WHAT YOU HAVE TO DO ▸
Retype the data below exactly, skipping pictures.

Saved data entries
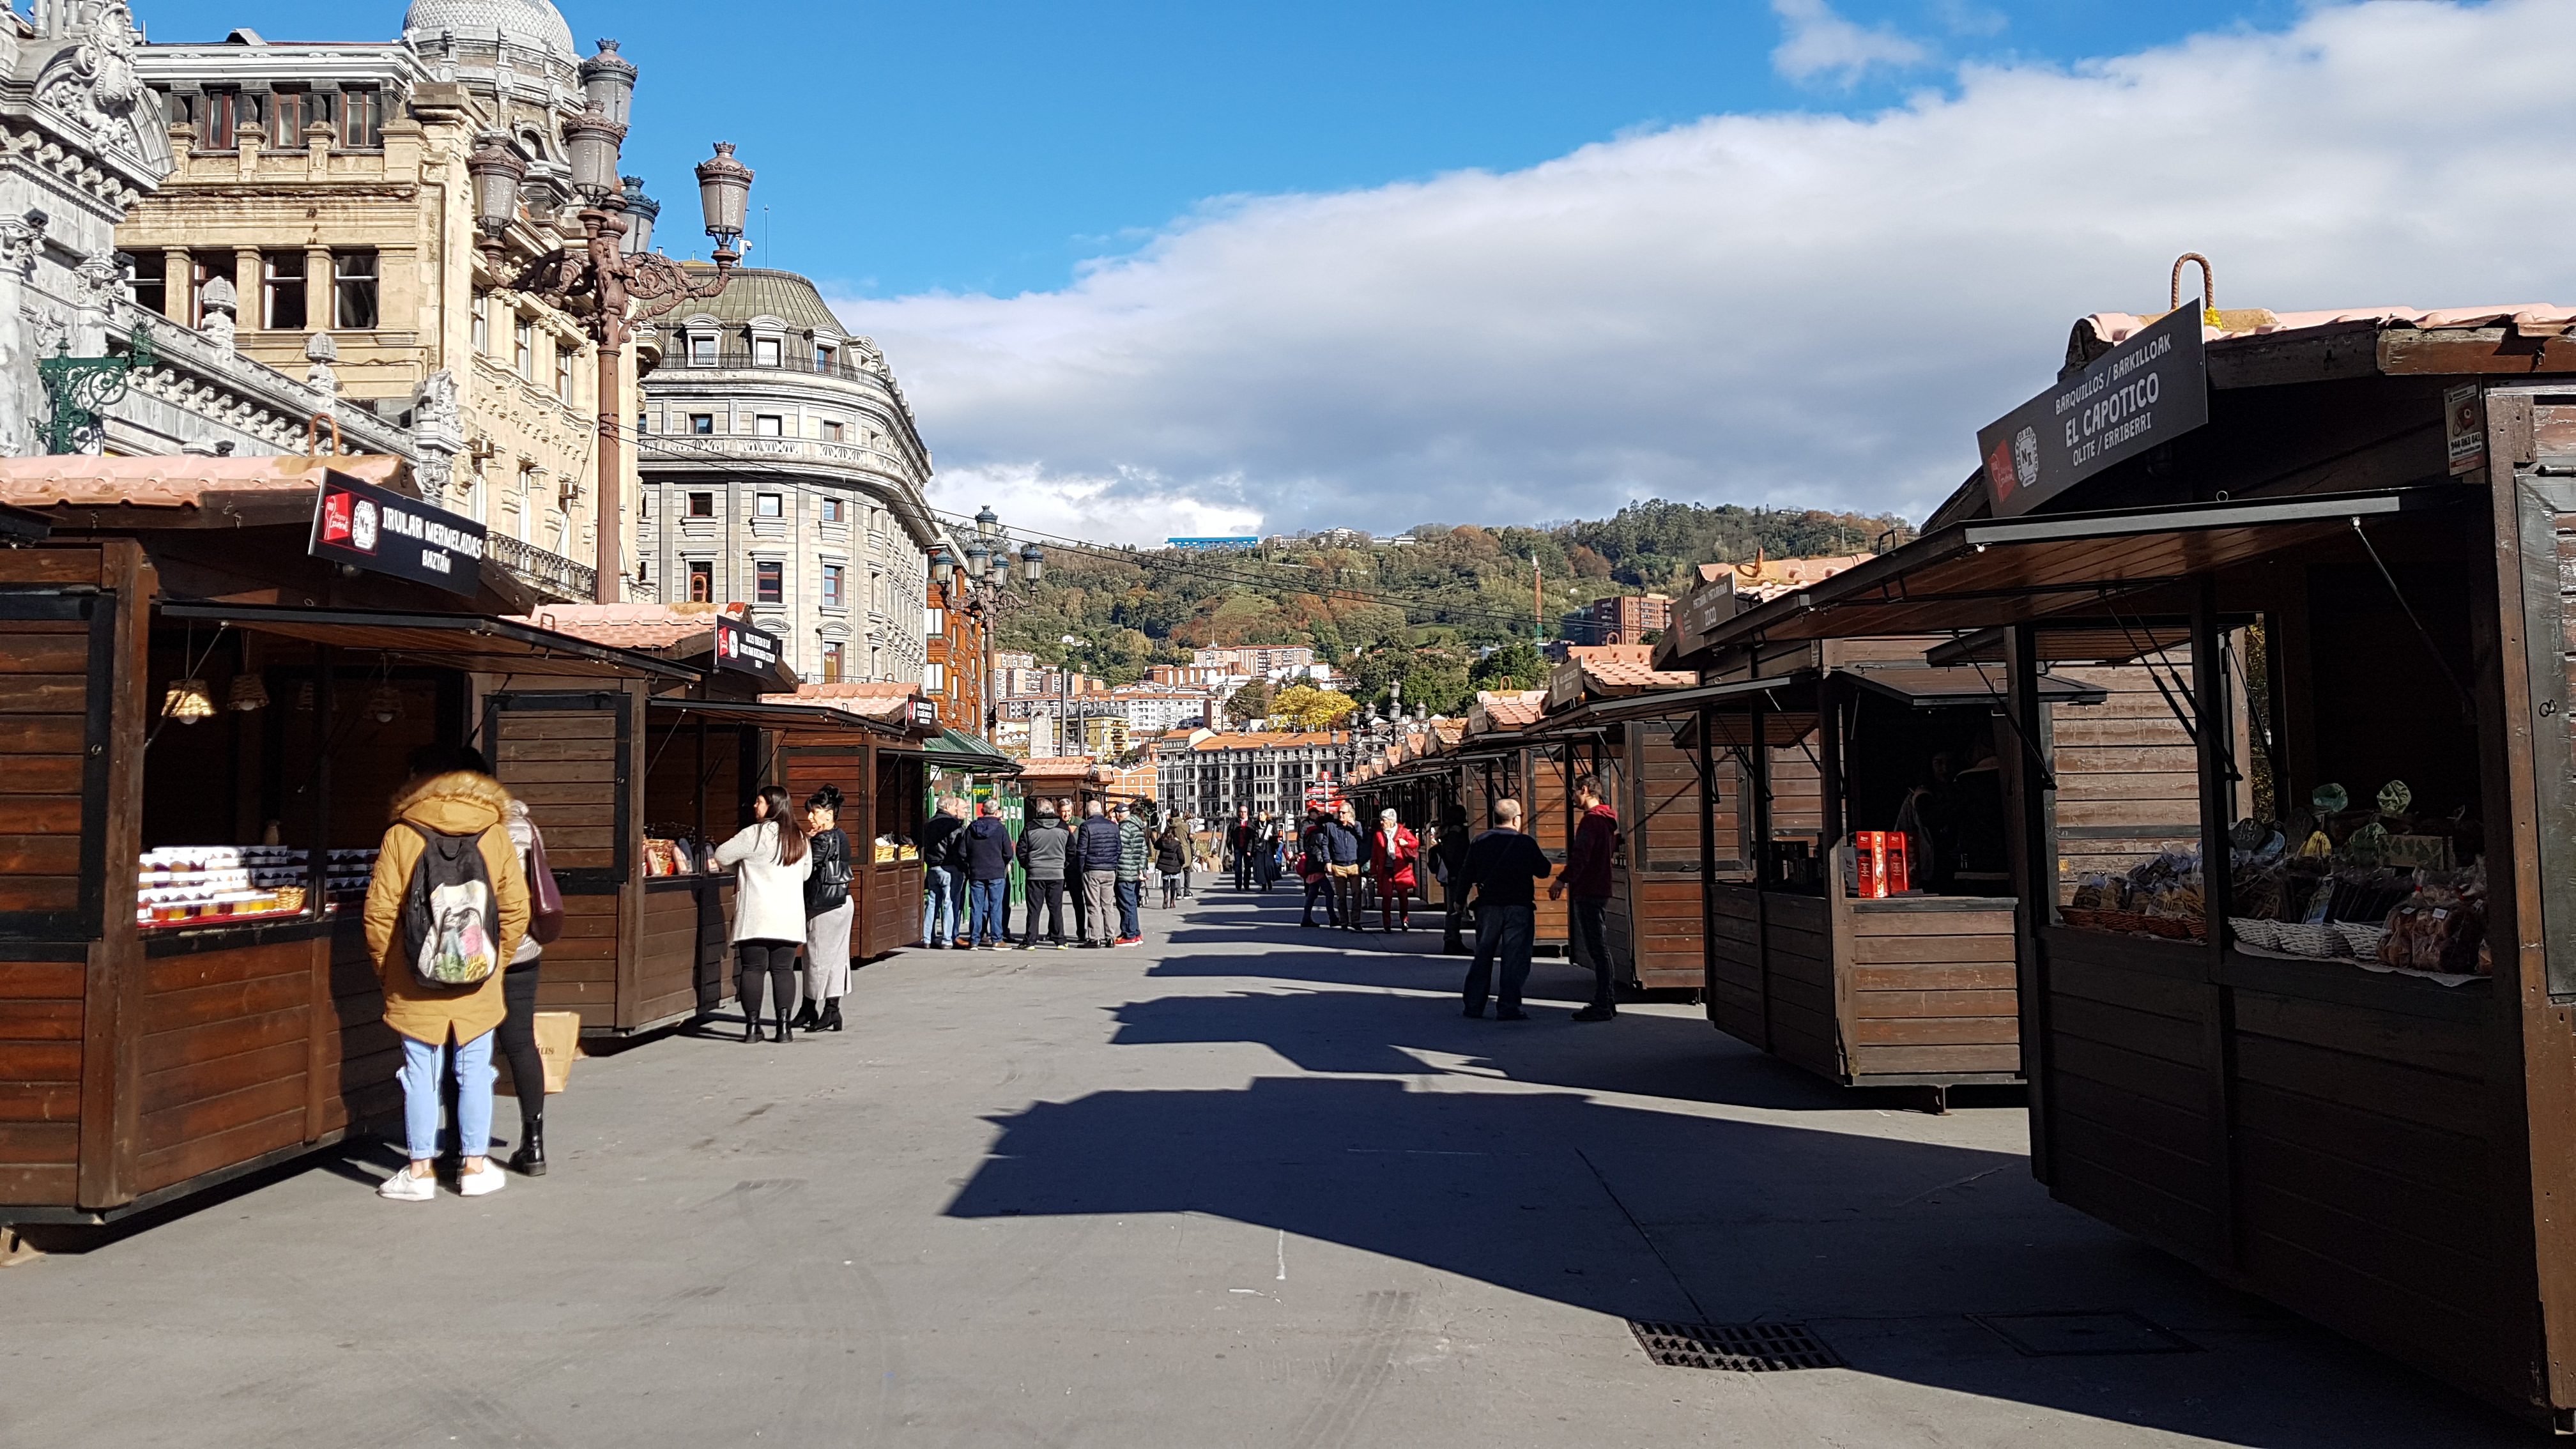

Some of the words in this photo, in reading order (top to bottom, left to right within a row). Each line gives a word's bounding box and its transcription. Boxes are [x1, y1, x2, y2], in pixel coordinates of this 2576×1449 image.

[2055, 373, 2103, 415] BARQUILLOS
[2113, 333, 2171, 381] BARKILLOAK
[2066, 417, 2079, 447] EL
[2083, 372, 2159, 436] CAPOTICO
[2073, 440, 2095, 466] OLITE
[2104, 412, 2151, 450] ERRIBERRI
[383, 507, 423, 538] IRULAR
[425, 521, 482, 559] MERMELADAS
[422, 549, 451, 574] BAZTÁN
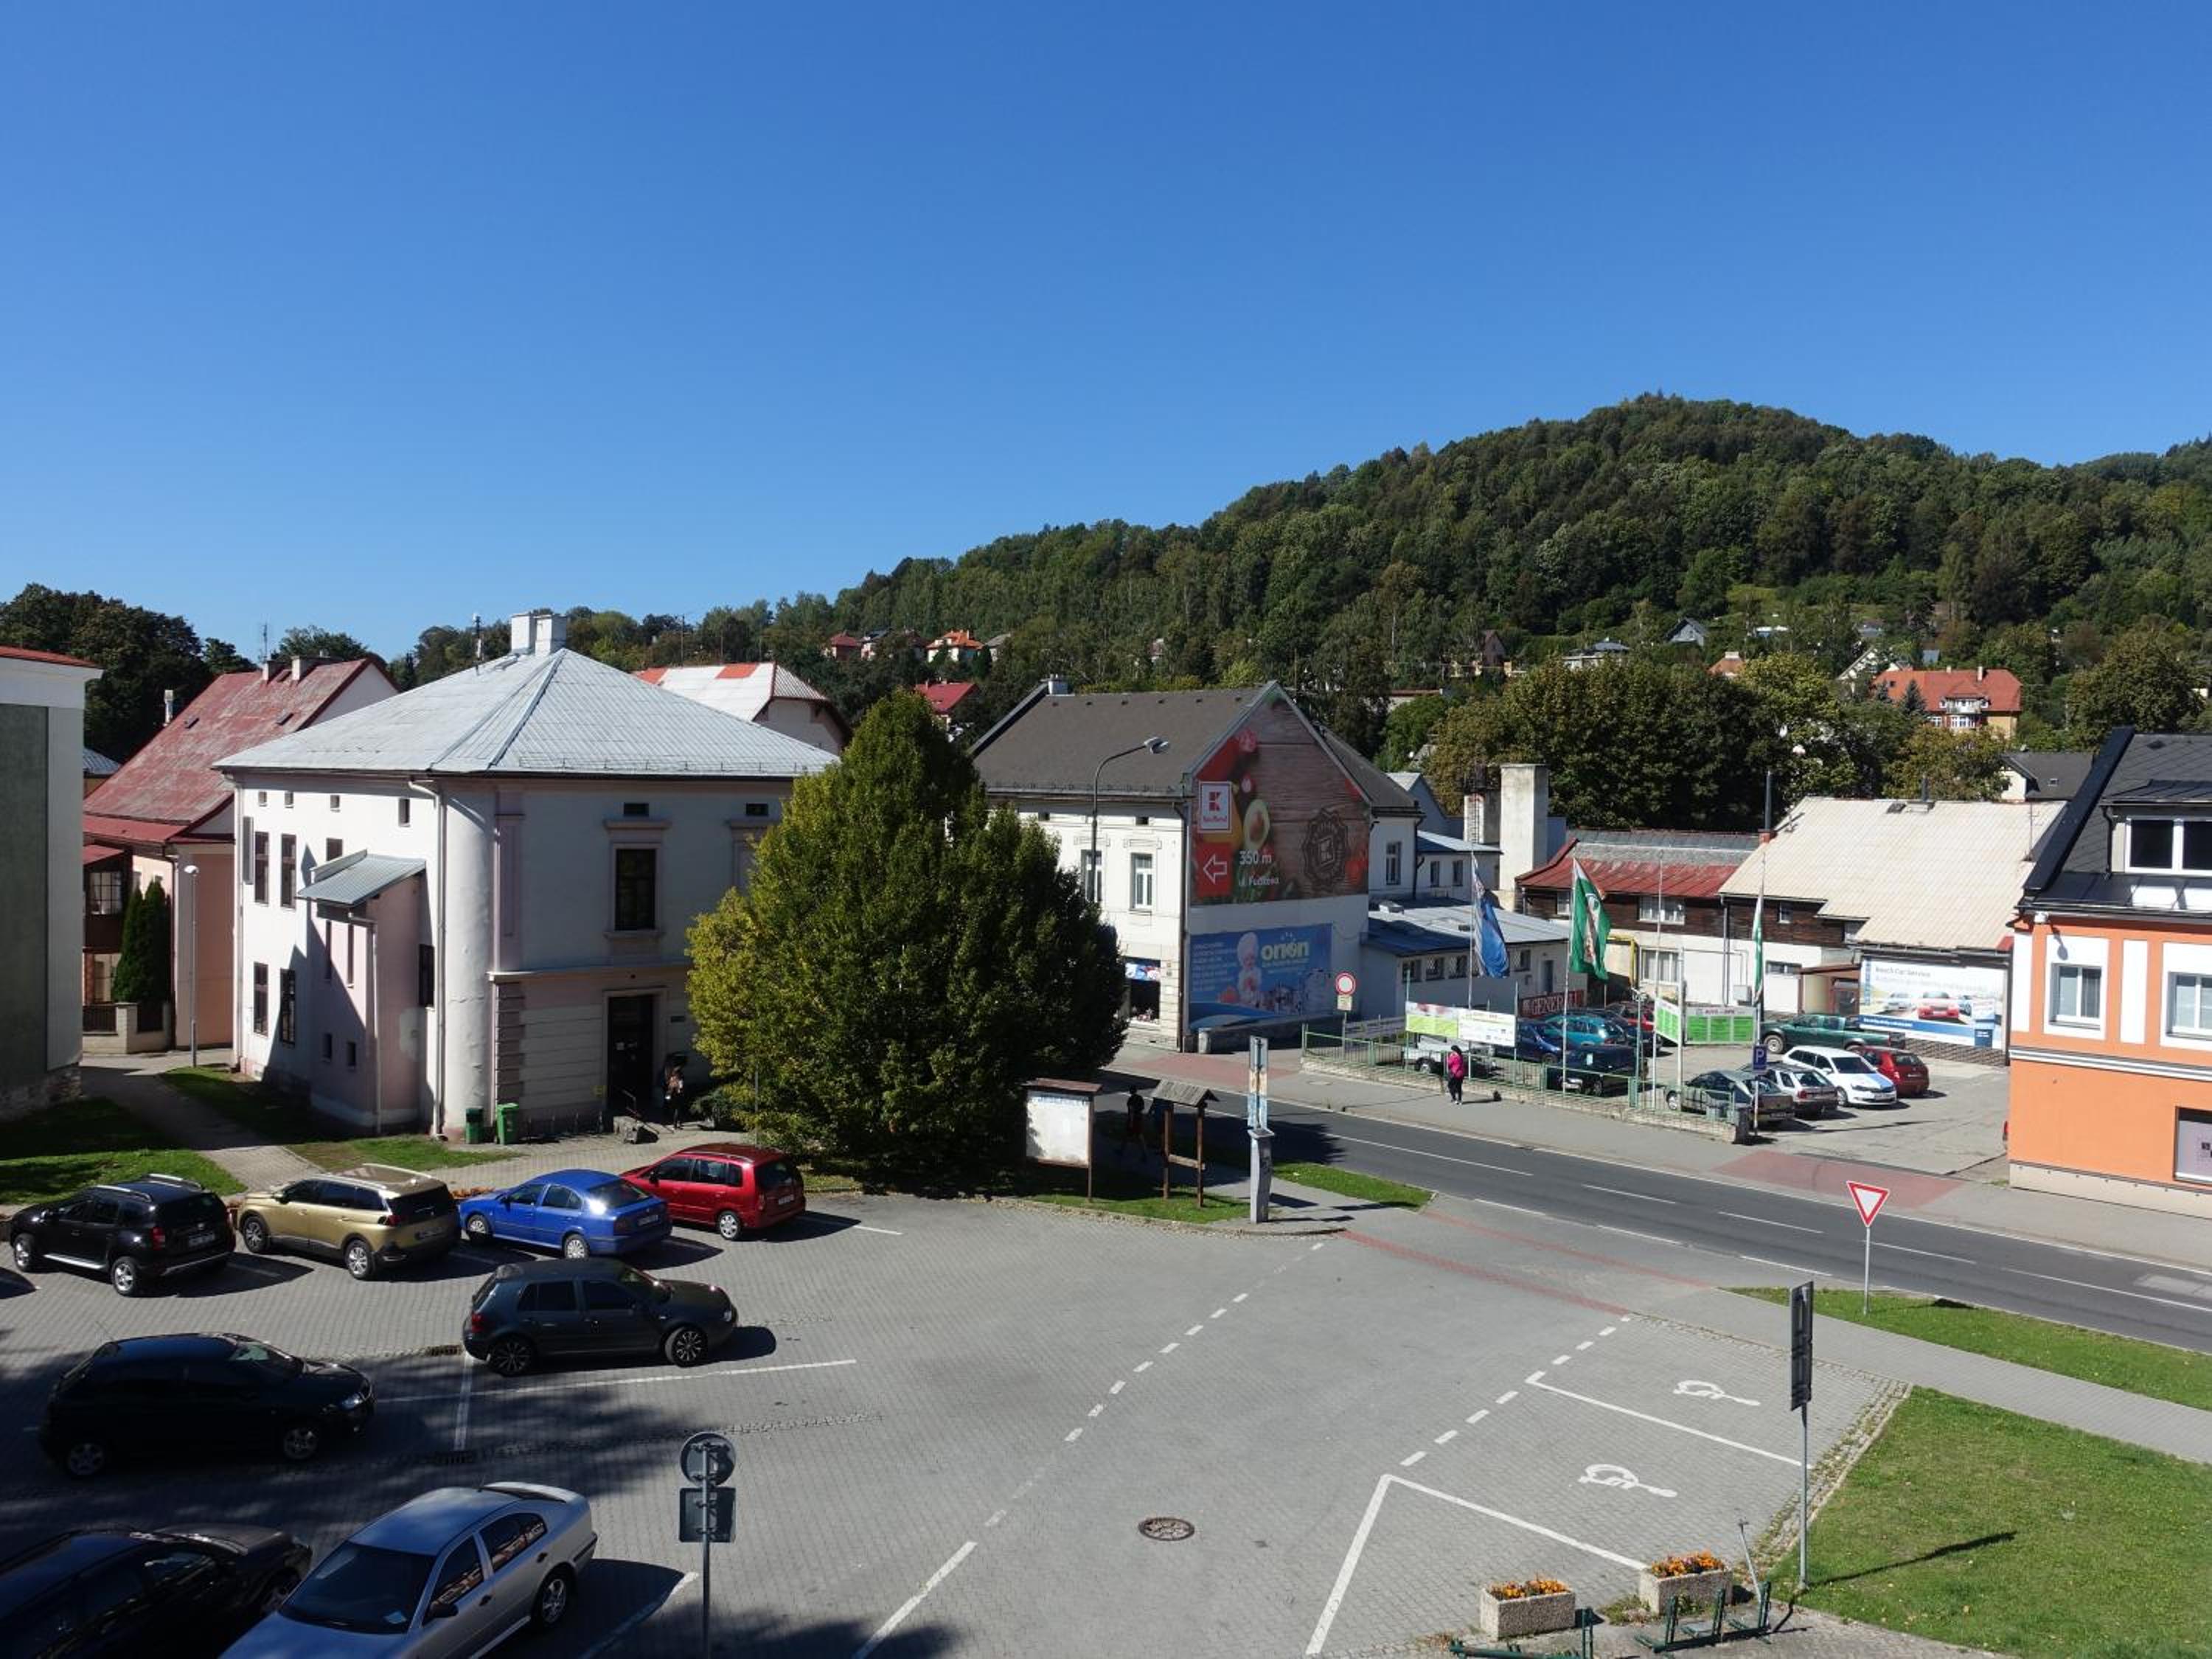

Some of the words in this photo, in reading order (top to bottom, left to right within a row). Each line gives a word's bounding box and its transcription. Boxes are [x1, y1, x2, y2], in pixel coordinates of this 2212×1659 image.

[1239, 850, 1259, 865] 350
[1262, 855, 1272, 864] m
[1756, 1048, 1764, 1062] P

EXERCISE SOLUTION ▸
Some of the words in this photo, in reading order (top to bottom, left to right within a row). Each line gives a word's bounding box and its transcription. Boxes are [x1, y1, x2, y2], in pixel coordinates of this 2576×1449 image.

[2055, 373, 2103, 415] BARQUILLOS
[2113, 333, 2171, 381] BARKILLOAK
[2066, 417, 2079, 447] EL
[2083, 372, 2159, 436] CAPOTICO
[2073, 440, 2095, 466] OLITE
[2104, 412, 2151, 450] ERRIBERRI
[383, 507, 423, 538] IRULAR
[425, 521, 482, 559] MERMELADAS
[422, 549, 451, 574] BAZTÁN

Some of the words in this photo, in reading order (top to bottom, left to right within a row). Each line gives a word's bounding box and its transcription. Boxes are [x1, y1, x2, y2], in pixel coordinates of this 2212×1659 image.

[1239, 850, 1259, 865] 350
[1262, 855, 1272, 864] m
[1756, 1048, 1764, 1062] P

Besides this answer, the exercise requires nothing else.